For example, two polymers which incorporate the same wt % of carbon
dioxide may have very different ratios of carbonate to ether
linkages. This is because the "wt % incorporation" of carbon
dioxide does not take into account the length and nature of the
starter compound.

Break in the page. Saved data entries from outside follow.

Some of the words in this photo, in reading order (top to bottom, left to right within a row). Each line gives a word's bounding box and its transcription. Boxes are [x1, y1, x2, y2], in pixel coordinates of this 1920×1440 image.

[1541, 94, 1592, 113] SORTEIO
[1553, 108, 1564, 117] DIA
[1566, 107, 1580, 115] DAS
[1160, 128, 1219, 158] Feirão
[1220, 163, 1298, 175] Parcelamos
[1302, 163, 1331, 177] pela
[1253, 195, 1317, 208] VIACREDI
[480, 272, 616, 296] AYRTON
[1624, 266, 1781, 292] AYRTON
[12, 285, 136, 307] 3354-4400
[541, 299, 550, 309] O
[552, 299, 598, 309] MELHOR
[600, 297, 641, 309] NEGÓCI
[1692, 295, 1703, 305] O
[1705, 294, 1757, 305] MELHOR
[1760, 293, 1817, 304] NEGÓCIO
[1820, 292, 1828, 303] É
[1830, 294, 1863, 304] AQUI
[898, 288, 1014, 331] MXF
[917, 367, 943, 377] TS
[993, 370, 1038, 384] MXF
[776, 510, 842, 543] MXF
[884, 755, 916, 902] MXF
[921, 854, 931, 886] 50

For instance, if one polymer (Mn 2000 g/mol) is
prepared using a starter with a molar mass of 100 g/mol, and
another polymer (Mn also 2000 g/mol) is prepared using a starter
having a molar mass of 500 g/mol, and both the resultant polymers
have the same ratio of m/n then the wt % of carbon dioxide in the
polymers will be different due to the differing proportion of the
mass of the starter in the overall polymer molecular weight (Mn).

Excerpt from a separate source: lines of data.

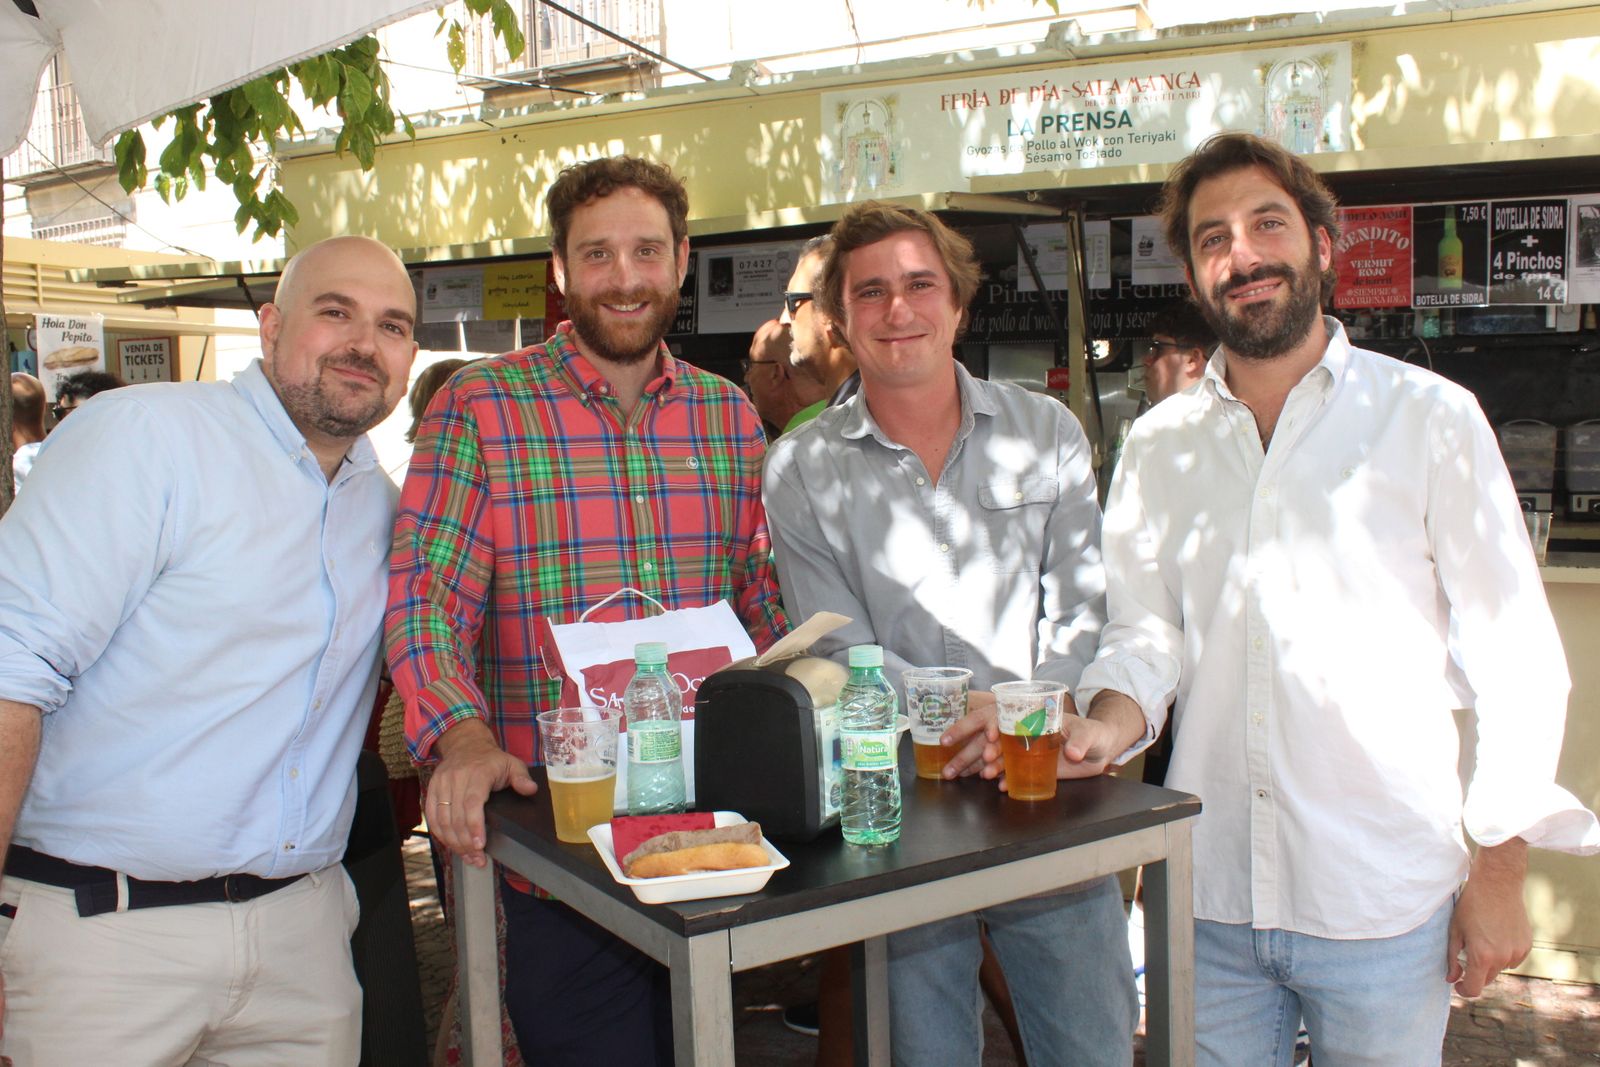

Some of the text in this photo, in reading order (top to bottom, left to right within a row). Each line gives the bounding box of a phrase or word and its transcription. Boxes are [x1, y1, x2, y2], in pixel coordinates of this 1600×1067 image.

[941, 89, 990, 111] FERIA
[1007, 110, 1133, 137] LA PRENSA
[967, 144, 1007, 158] Gyozas
[1027, 139, 1056, 151] Pollo
[1060, 139, 1071, 149] al
[1074, 136, 1099, 148] Wok
[1103, 136, 1124, 146] con
[1128, 130, 1176, 145] Teriyaki
[1025, 148, 1122, 164] Sésamo Tostado
[1462, 206, 1487, 224] 7,50 €
[1495, 205, 1564, 231] BOTELLA DE SIDRA
[1336, 226, 1410, 253] BENDITO
[739, 259, 773, 271] 07427
[1350, 258, 1395, 269] VERMUT
[1493, 251, 1563, 270] 4 Pinchos
[1358, 268, 1386, 277] ROJO
[1493, 271, 1516, 280] de
[1353, 287, 1392, 297] SIEMPRE
[1415, 292, 1485, 306] BOTELLA DE SIDRA
[1537, 285, 1564, 300] 14 €
[41, 317, 87, 330] Hola Don
[971, 309, 985, 333] de
[985, 307, 1016, 341] pollo
[1018, 307, 1033, 332] al
[1115, 311, 1124, 337] y
[124, 343, 163, 353] VENTA DE
[125, 353, 165, 366] TICKETS

For example, if m/(m+n) was 0.5, the two polyols described would
have carbon dioxide contents of 26.1 wt % and 20.6 wt %
respectively.
[0325] As highlighted above, the method of the invention is capable
of preparing polyols which have a wide range of carbonate to ether
linkages (e.g. m/(n+m) can be from greater than zero to less than
1), which, when using propylene oxide, corresponds to incorporation
of up to about 43 wt % carbon dioxide. This is surprising, as DMC
catalysts which have previously reported can generally only prepare
polyols having a ratio of carbonate to ether linkages of up to
0.75, and these amounts can usually only be achieved at high
pressures of carbon dioxide, such as 30 bar, more commonly 40 bar
or above.
[0326] Furthermore, catalysts which are used to prepare
polycarbonate polyols can typically achieve a ratio of carbonate to
ether linkages of about 0.95 or above (usually about 0.98 or
above), and thus also incorporate a high wt % of carbon dioxide.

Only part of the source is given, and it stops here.